#### PROVIDED ENTRIES
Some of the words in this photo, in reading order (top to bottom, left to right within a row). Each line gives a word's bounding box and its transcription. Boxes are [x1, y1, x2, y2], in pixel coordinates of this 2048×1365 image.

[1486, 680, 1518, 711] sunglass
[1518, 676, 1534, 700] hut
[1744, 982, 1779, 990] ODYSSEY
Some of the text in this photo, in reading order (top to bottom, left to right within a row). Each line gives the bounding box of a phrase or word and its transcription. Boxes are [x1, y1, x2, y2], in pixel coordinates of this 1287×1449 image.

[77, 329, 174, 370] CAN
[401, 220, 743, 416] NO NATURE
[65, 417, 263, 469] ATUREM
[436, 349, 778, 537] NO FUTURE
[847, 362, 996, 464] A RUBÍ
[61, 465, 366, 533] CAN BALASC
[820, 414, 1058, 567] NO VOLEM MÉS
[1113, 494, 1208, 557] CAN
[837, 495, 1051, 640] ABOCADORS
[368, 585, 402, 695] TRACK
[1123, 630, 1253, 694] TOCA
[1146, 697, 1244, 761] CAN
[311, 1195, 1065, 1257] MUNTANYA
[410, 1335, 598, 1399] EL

#### WHAT IS BEING ASKED
Each line of the data is to be retyped exactly.

#### REPLY
Some of the words in this photo, in reading order (top to bottom, left to right within a row). Each line gives a word's bounding box and its transcription. Boxes are [x1, y1, x2, y2], in pixel coordinates of this 2048×1365 image.

[1486, 680, 1518, 711] sunglass
[1518, 676, 1534, 700] hut
[1744, 982, 1779, 990] ODYSSEY
Some of the text in this photo, in reading order (top to bottom, left to right within a row). Each line gives the bounding box of a phrase or word and its transcription. Boxes are [x1, y1, x2, y2], in pixel coordinates of this 1287×1449 image.

[77, 329, 174, 370] CAN
[401, 220, 743, 416] NO NATURE
[65, 417, 263, 469] ATUREM
[436, 349, 778, 537] NO FUTURE
[847, 362, 996, 464] A RUBÍ
[61, 465, 366, 533] CAN BALASC
[820, 414, 1058, 567] NO VOLEM MÉS
[1113, 494, 1208, 557] CAN
[837, 495, 1051, 640] ABOCADORS
[368, 585, 402, 695] TRACK
[1123, 630, 1253, 694] TOCA
[1146, 697, 1244, 761] CAN
[311, 1195, 1065, 1257] MUNTANYA
[410, 1335, 598, 1399] EL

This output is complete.